▶ [ASSIGNMENT]
All the entries need to be duplicated exactly, with the pictures omitted.
+++
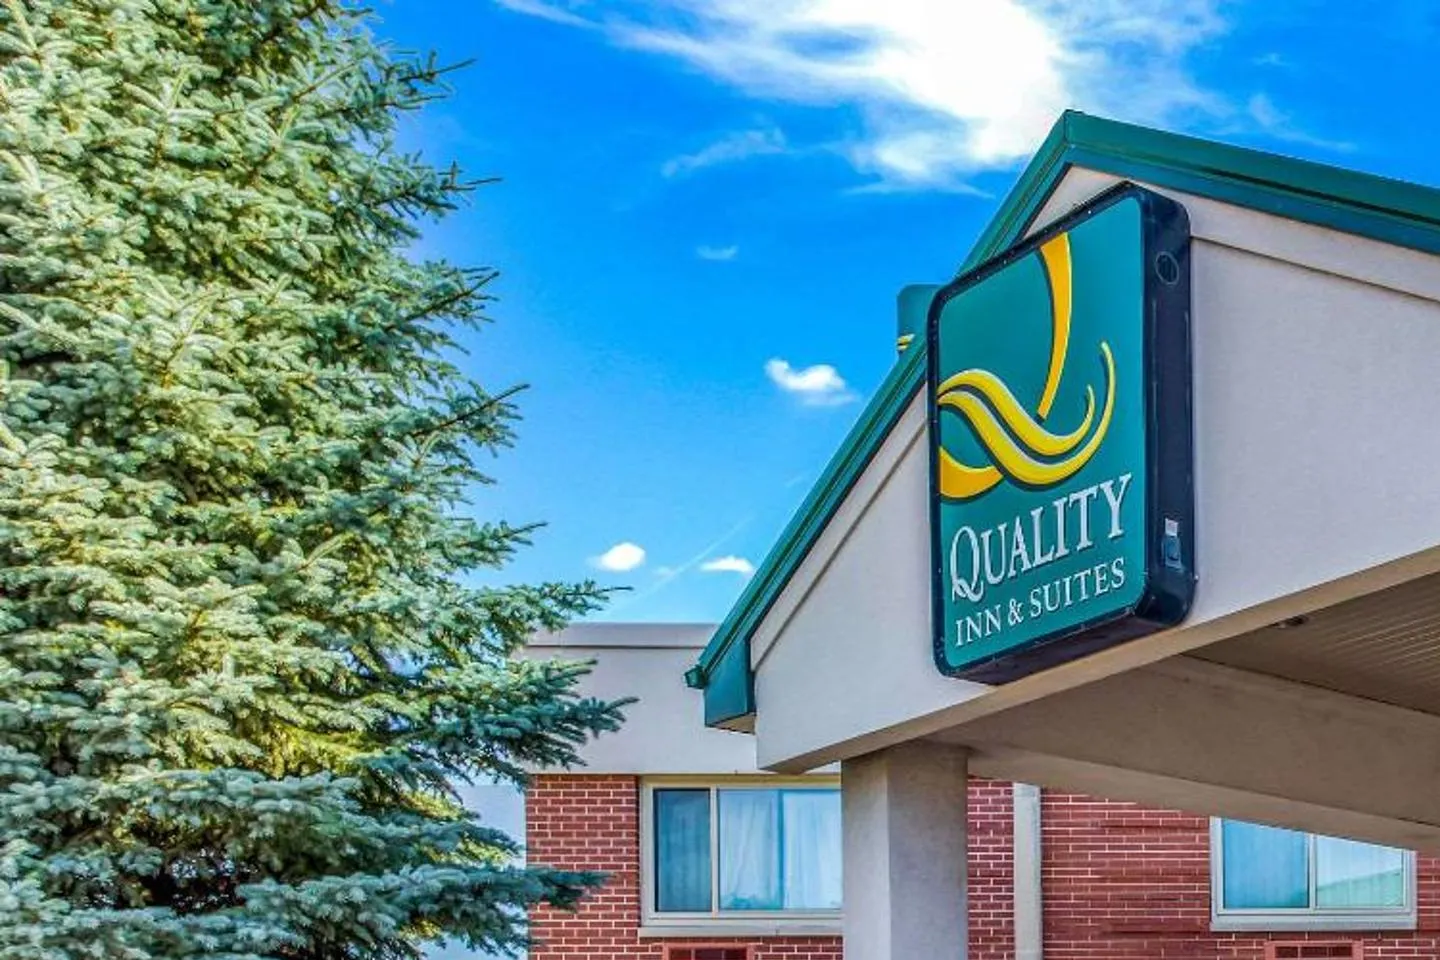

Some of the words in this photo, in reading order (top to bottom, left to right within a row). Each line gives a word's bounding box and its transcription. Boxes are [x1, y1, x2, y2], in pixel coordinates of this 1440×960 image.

[950, 472, 1133, 603] QUALITY
[954, 602, 1002, 647] INN
[1007, 598, 1025, 626] &
[1029, 557, 1126, 618] SUITES
+++
▶ [EXERCISE OUTPUT]
Some of the words in this photo, in reading order (top to bottom, left to right within a row). Each line gives a word's bounding box and its transcription. Boxes are [x1, y1, x2, y2], in pixel coordinates of this 1440×960 image.

[950, 472, 1133, 603] QUALITY
[954, 602, 1002, 647] INN
[1007, 598, 1025, 626] &
[1029, 557, 1126, 618] SUITES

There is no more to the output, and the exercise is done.